[Proposal] Integration of the rocMLIR Split-K GEMM implementation into MIGraphX #2858

ravil-mobile · 2024-03-06T10:29:13Z

ravil-mobile
Mar 6, 2024
Collaborator

1. Relevant High-Level Details

The Split-K GEMM Scheme is designed to improve work balancing between CUs while computing GEMMs. The scheme can greatly improve time-to-solution from some GEMM configurations. In contrast to the Data Parallel GEMM Scheme, the Split-K algorithm utilizes several workgroups for computing each output tile; thus, each workgroup computes some partial result for an output tile. Therefore, the Split-K Scheme involves a post-action: a summation of partial results. Currently, rocMLIR utilizes atomicAdd instructions for accumulating partial results, which supports FP32 and (partially) FP16 data formats. Thus, the rocMLIR implementation of the Split-K scheme is “lock”-free (“barrier”-free) – i.e., it guarantees the avoidance of potential deadlock states. However, the implementation demands the zero-initialization of the output memory buffer. Otherwise, the result of a matrix multiplication may be accumulated to the “garbage” data located int the output memory buffer.

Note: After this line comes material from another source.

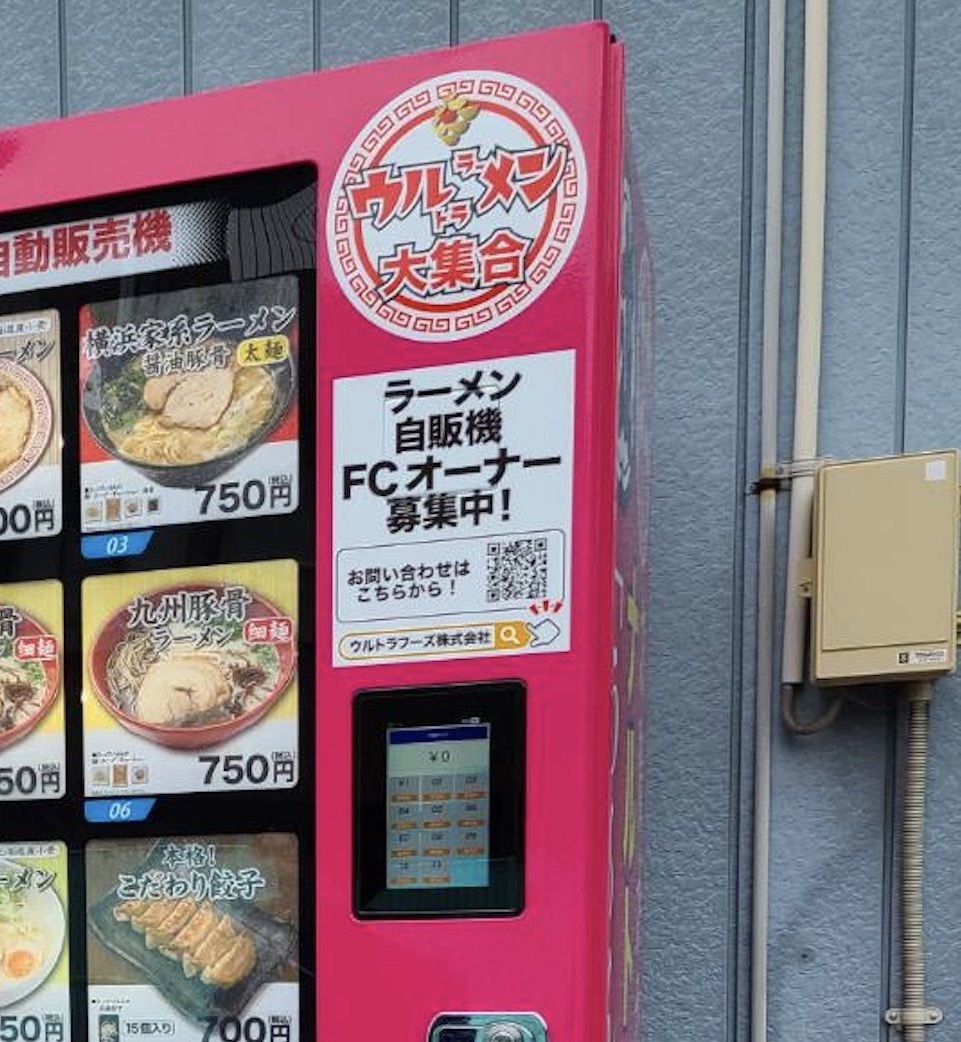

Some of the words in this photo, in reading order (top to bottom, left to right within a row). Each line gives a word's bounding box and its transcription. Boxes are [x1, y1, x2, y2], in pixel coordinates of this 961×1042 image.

Note that the rocMLIR implementation of the Split-K scheme prevents kernels fusion – i.e., a fusion of a GEMM kernel with subsequent element-wise operations. This results from the absence of any mechanism, which workgroups can make use to check whether partial results for a specific output tile have been fully accumulated or not. In general, the problem can be resolved by adding some synchronization mechanism between workgroups. However, a naïve implementation of the synchronization always leaves a potential for a kernel to end up in a deadlock state. The best solution of the aforementioned problem would involve Cooperative Groups (CG) – e.g., something similar to “cudaLaunchCooperativeKernel”. However, CG is not supported by the ROCm at the moment of writing.

2. Integration Approach

Approach 1: rocMLIR becomes a sub-graph provider. The approach assumes that rocMLIR will be equipped with some run-time library which is going to execute (sequences of) generated kernels. The run-time will expose a CAPI to execute a generated sequence, taking an mlirModule and a hipStream as arguments. The advantage of this approach is that it completely hides all implementation details from users; the users won’t have any need to perform any pre-processing actions before executing a kernel, except for memory allocations (including auxiliary memory if required by a generated kernel). This solution is generic; it will result in adding extensibility and flexibility for both rocMLIR and MIGraphX. By and large, both projects will be better prepared for any upcoming changes in software requirements. The disadvantage of this approach that it will take a considerable amount of time for the development, refactoring and integration.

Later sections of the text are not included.